A dedicated healthcare assistant has notched up a remarkable 30 years’ service at the same Lymington care home, including eleven years working on night shifts.
When ex-hairdresser Heather Annear joined Colten Care’s Court Lodge in the spring of 1991, she had no idea how long she would stay.
“I never imagined I would still be working here 30 years later,” said the 62-year-old grandmother. “A friend suggested I apply but at one o’clock in the morning on my first night shift I remember asking myself, ‘What are you doing here? You should be at home tucked up in bed’.”
As it turned out, working three nights a week was convenient for Heather. It meant she could spend more of the daytime with her son Matthew, three, and daughter Laura, six.
Husband Roger would leave for his job as a panel beater and sprayer in the morning just after Heather got home from her shift.
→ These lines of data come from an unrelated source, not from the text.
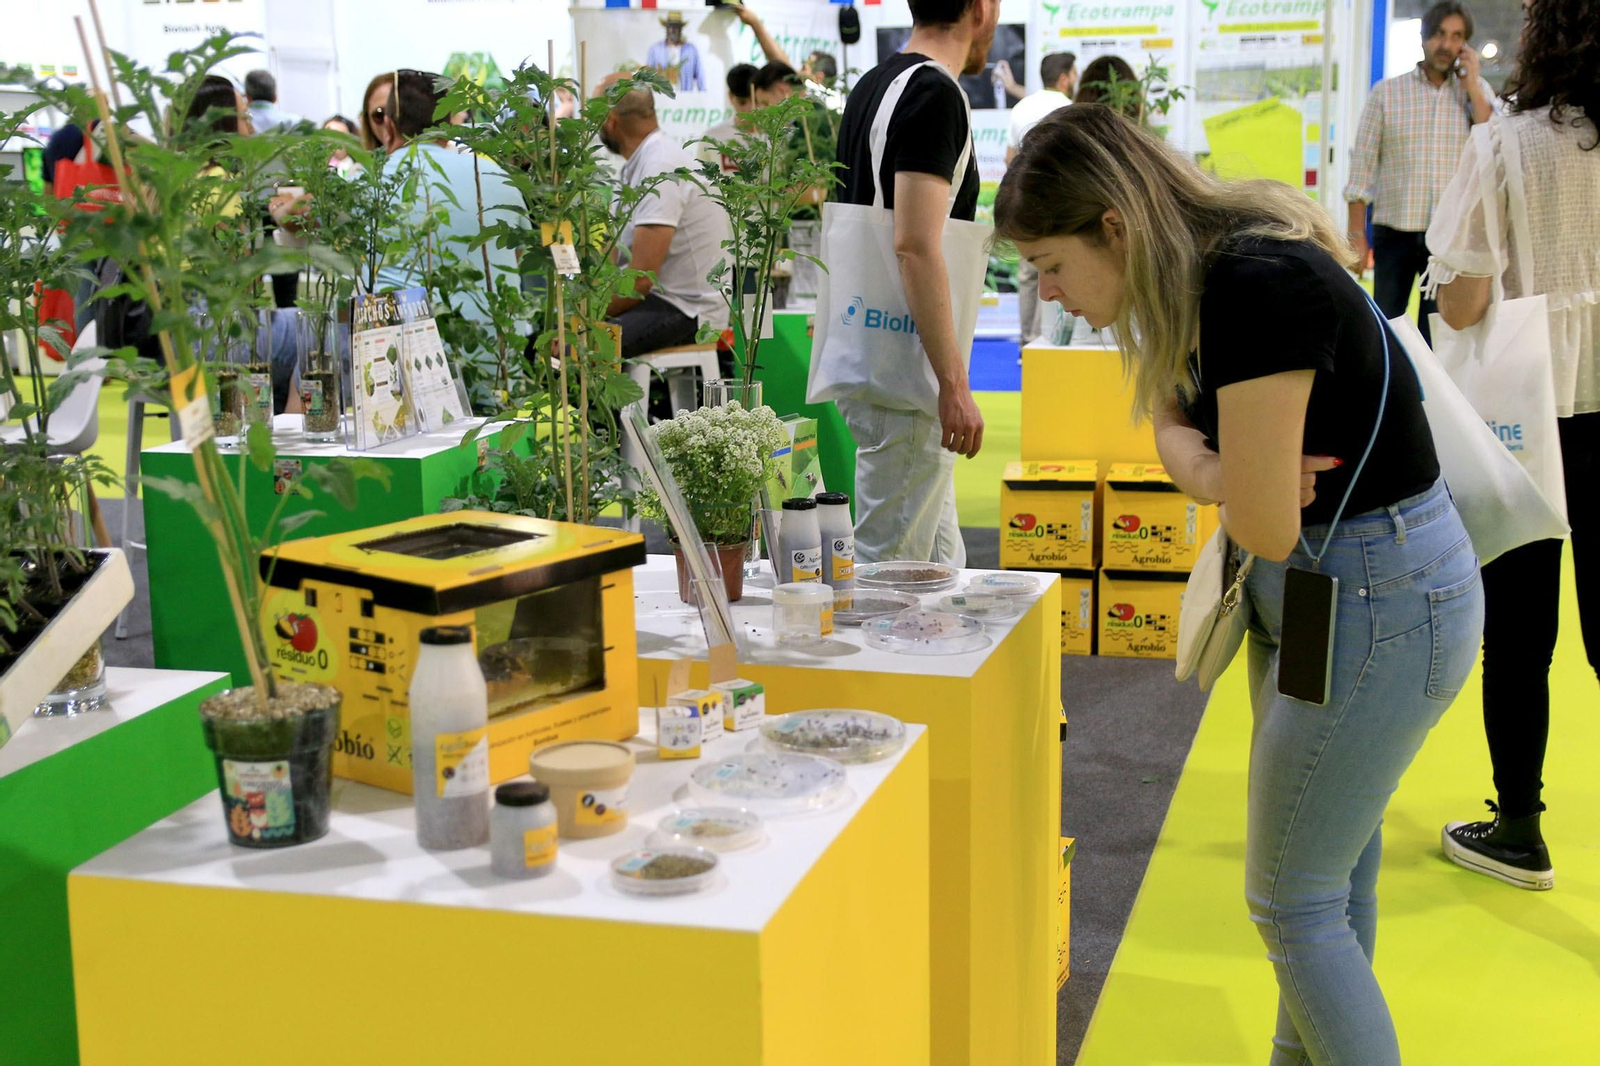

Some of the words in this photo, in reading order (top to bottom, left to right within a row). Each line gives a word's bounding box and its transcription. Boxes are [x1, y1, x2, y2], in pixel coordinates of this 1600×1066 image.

[1067, 4, 1175, 20] Ecotrampa
[1225, 0, 1324, 17] Ecotramp
[1485, 421, 1523, 442] ine
[276, 648, 316, 667] residuo
[317, 649, 328, 670] 0
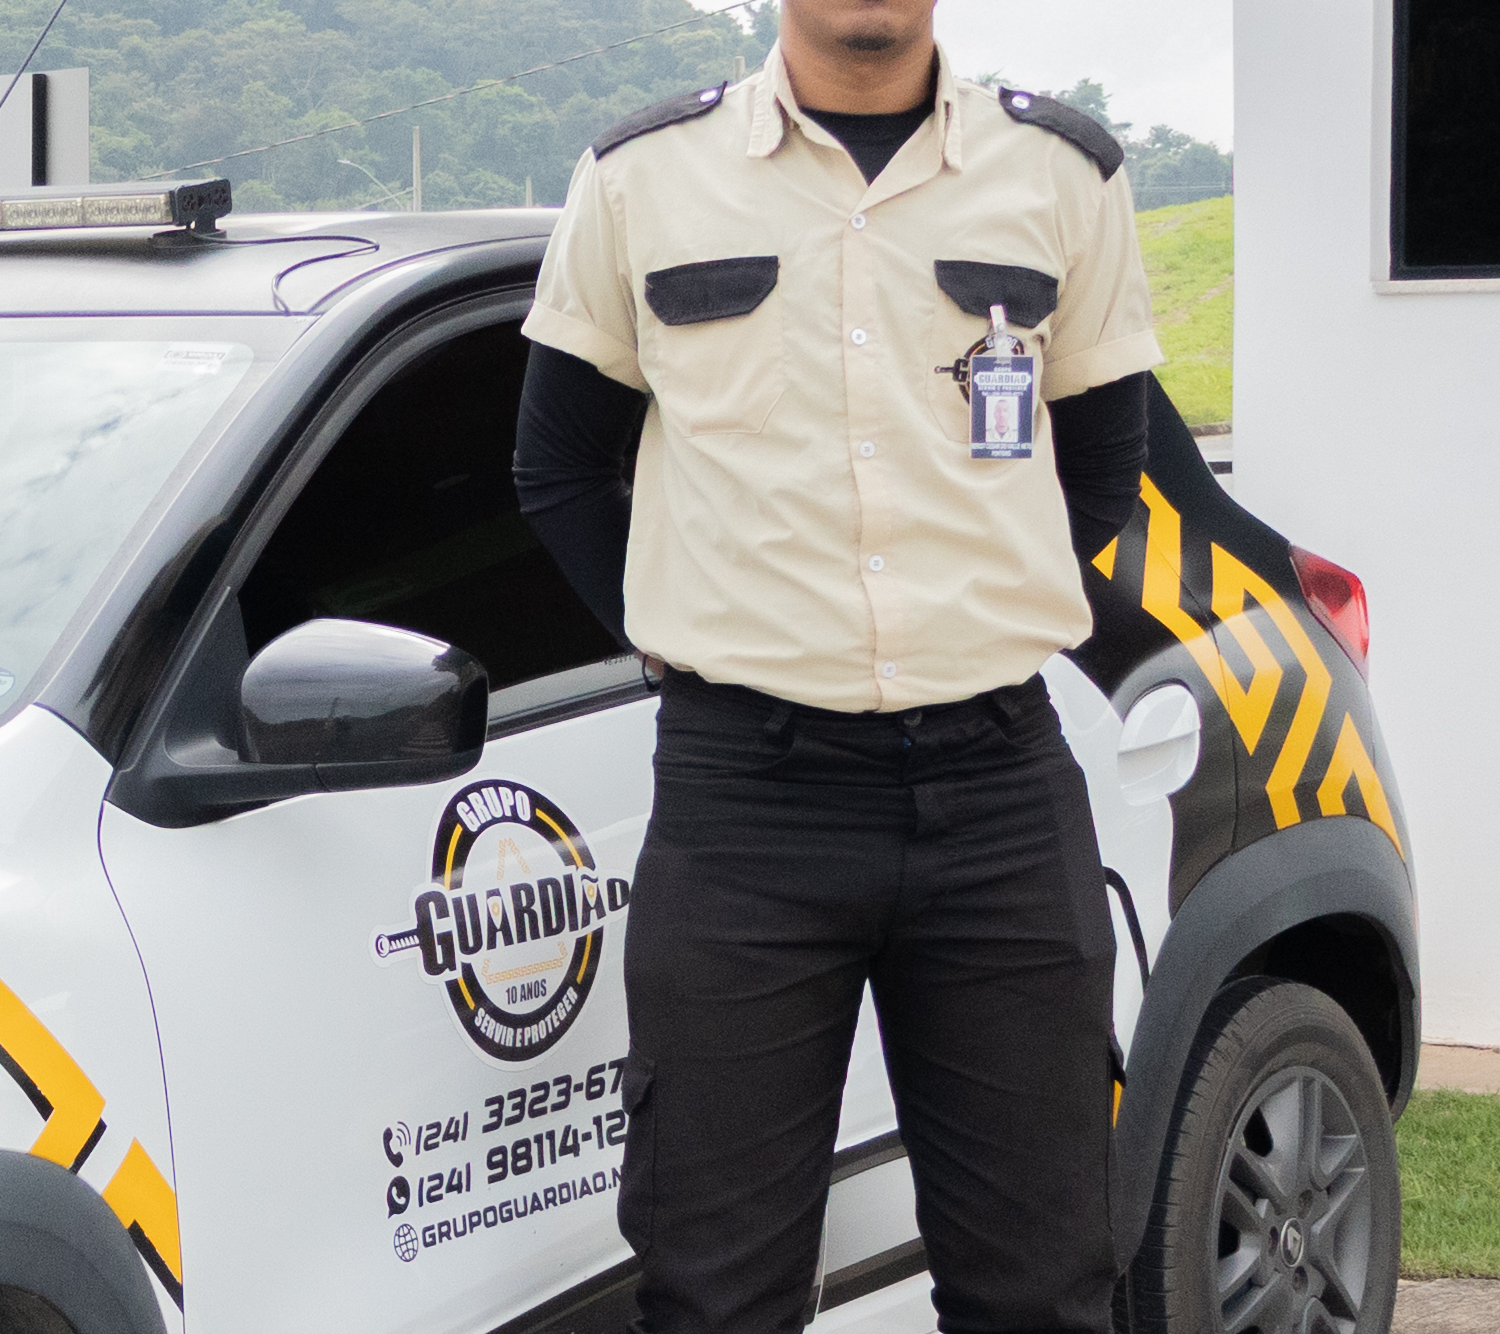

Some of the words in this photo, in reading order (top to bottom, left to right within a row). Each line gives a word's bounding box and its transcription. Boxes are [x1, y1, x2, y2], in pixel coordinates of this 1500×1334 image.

“It was an ideal arrangement when the children were small,” she explained. “It was easier than me working during the day. Regular night shifts do affect your body clock but if you can have a rest day and avoid too many shifts in a row you can get used to it.”
Heather spent her first five years at Court Lodge working nights on a 24-hours-a-week contract. She then switched to day shifts as the children got older, maintaining that arrangement for the next 19 years.
Six years ago, she returned to nights so she could help look after her two grandchildren, Laura’s son Elliott and daughter Esme, at convenient times during the day.
Heather, who was born and bred in Lymington, says she has enjoyed great camaraderie with colleagues over the years, adding: “Court Lodge is a family-orientated place. Staff tend to stay a long time and everyone looks after one another. The night staff are a tight bunch. You spend 12 hours together on a shift and become like a family. You’re always there for each other, happy to swap shifts and provide holiday cover.”
In spring 1991, the Channel Tunnel was still under construction, scientist Tim Berners-Lee had just launched the first web browser, rock star Freddie Mercury was still alive and the Gulf War had just ended.
Asked if the role of healthcare assistant had changed over the 30 years since then, Heather said: “Technology and training have improved. For example, when I started we had a pump-activated mechanical hoist to lift people but you still needed two staff to use it. You just had to build up your muscles. Now, there is more advanced equipment for everything and you are better trained for moving and handling, so it’s less physically demanding. However, the focus of the job remains the same. It’s all about caring for our residents and making sure their needs always come first.”
Colleagues from both day and night shifts marked Heather’s 30-year anniversary with a surprise celebration.
Court Lodge Home Manager Rebecca Hannam said: “We told her there was an all-hands staff meeting in the lounge but when she walked in we met her with a party. There was a beautiful cake made by our chef Hannah Clark, glasses of bubbly, flowers and cards. It was a great opportunity to recognise Heather’s enormous contribution to the home and reminisce about years gone by.”
Heather said: “The fact everyone made the effort to come in and get together as a surprise was so lovely. It really means a lot to me. It shows you are appreciated.”
Heather has no plans to retire and her advice to anyone thinking of a career in care is to go for it.
“I love working at Court Lodge,” she said. “You can help people so much by making life more comfortable for them. They rely on you so much, you become a friend as well as a carer.”